Amygdala only | ||||
---|---|---|---|---|
Effect | DFn | DFd | F | p |
(Intercept) | 1 | 32 | 10.670 | 0.003* |
Cortisol reactivity | 1 | 32 | 5.894 | 0.021* |
Emotion | 1 | 32 | 6.911 | 0.013* |
Hemisphere | 1 | 32 | 0.608 | 0.441 |
Cortisol reactivity × Emotion | 1 | 32 | 2.854 | 0.101 |
Cortisol reactivity × Hemisphere | 1 | 32 | 0.034 | 0.855 |
Emotion × Hemisphere | 1 | 32 | 3.059 | 0.090 |
Cortisol reactivity × Emotion × Hemisphere | 1 | 32 | 0.800 | 0.378 |
p<.05
The previous results supported the hypothesis that cortisol reactivity would be associated with increased dependence on MTL encoding processes for subsequent recollection. Moreover, plots of the relationship between cortisol reactivity and recollection-related activity suggest that this relationship might be driven by variance within the stress group (Figure 2B). To test explicitly the relation between cortisol reactivity and the cold-pressor task, we ran another model in which both cortisol reactivity and group assignment were included as between-subjects factors.
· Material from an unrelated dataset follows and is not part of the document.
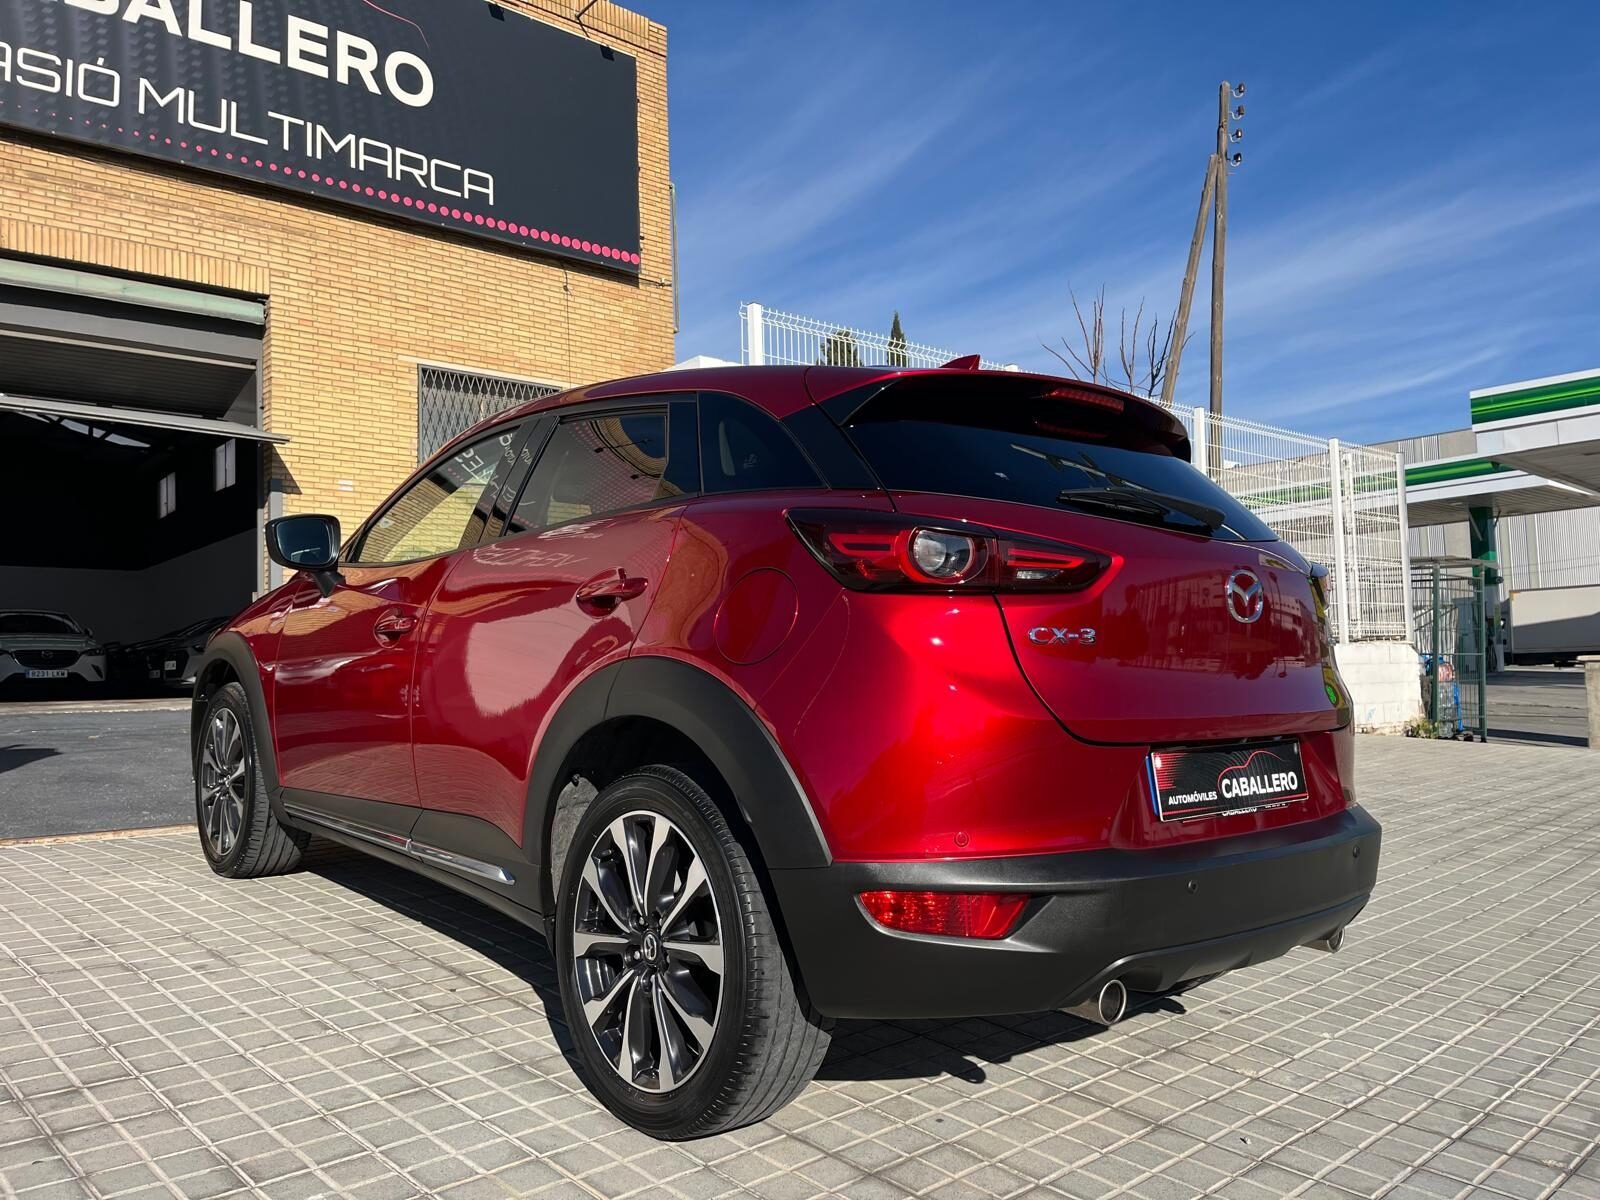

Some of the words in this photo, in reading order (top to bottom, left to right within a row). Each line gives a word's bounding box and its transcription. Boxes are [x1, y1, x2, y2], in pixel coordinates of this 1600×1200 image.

In this model, there remained a significant cortisol reactivity by region interaction, F(1,30)=9.46, p=.005, but there were no significant effects of group assignment, ps>.10, nor were there any significant interactions between cortisol reactivity and group assignment, ps>.10. Thus, the effects of cortisol reactivity on recollection-related activity were not purely driven by the difference between the stress and control participants. However, as is readily apparent in Figure 2B, the relationship between these measures would not have been observed without the added variability in cortisol reactivity introduced by the stress manipulation. That is, there was no relationship between cortisol reactivity and recollection-related activity when only control participants were included in the analysis, ps>.10.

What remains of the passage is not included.